Last night we started with this, written by Rabbi Sharon Brous, author of the Amen Effect which will be our November book group book and a One Book, One Read congregational book. She introduces Dinner over Death with this:
“Yom Kippur is the annual Jewish deep dive into our mortality, the one moment when we step out the death denying culture we live in and peer, with open yes and heart into the deep. Every year we talk about how the rituals of tis day create for us a deathscape—we don’t eat or drink, we wear white, we immerse in the memories of loved ones who have died. We repeat the words who will live and who will die, wrestling with the realization that the stark and bitter and awful reality is that some of us will be here next year and some will not. Yom Kippur is rooted in the assumption that we have more clarity around what matters most when we’re on the edge of life. So we go there, together, in order to ask ourselves the ourselves the questions of the palliative care doctors: what matters most o you, now? And what will you do about it.?”
We didn’t get much beyond the first question on the back. “If you discovered you had 30 days left how would you spend them?”
For some this was difficult. For some they will spend time with family and friends. (Connections!) For some they will have a big party to tell their friends just how much they mean to them. (More connections!) I think I liked this one best.
One card said Create Space and added that the Torah is filled with genealogies, connecting people from generation to generation. With each name comes a new story. We talked about how we were named, who we were named for and the significance they have in our lives. It was fascinating. And it deepened our connections to each other hearing the stories. The connections between the generations were obvious too.

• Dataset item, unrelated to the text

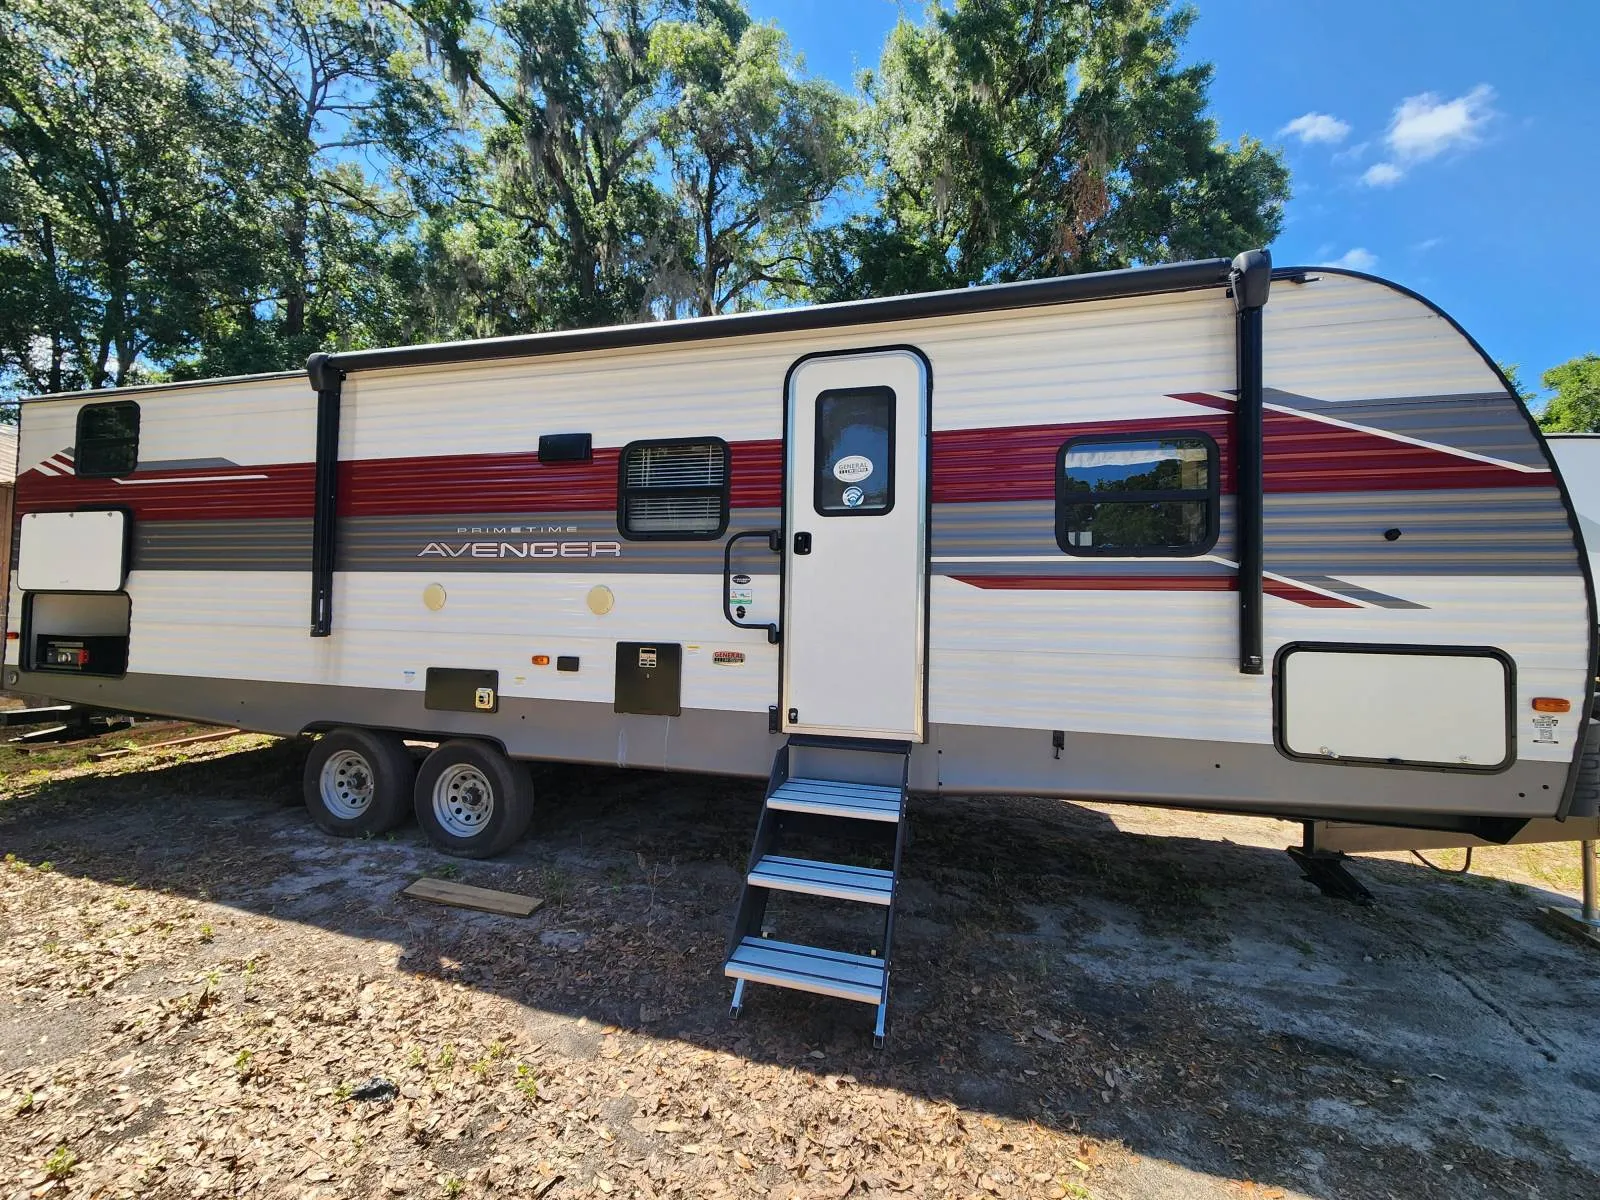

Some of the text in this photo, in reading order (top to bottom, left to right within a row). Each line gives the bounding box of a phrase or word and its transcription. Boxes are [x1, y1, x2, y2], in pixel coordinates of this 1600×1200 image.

[838, 462, 868, 470] GENERAL
[457, 526, 578, 534] PRIMETIME
[416, 541, 622, 558] AVENGER

We talked about music, and Psalm 23 which is heard at many Jewish funerals. In English, in Hebrew or both, chanted or not. What role do you want music to play in your own funeral. No one listed a Hebrew song. But there were many English ones…and again we deepened our relationships one to another. One thing that surprised me was two people said that want me to do their funerals. Why? Because I know them. They didn’t want someone to just standing up there reading poems, not knowing them. This is connection and community too. I am humbled.
We ended our evening with Kaddish, for those who came before and for the hostages recently murdered. As hard as the conversations can be. As tragic as the recent executions were, it was a good and important and connected evening. I am grateful to the CKI community.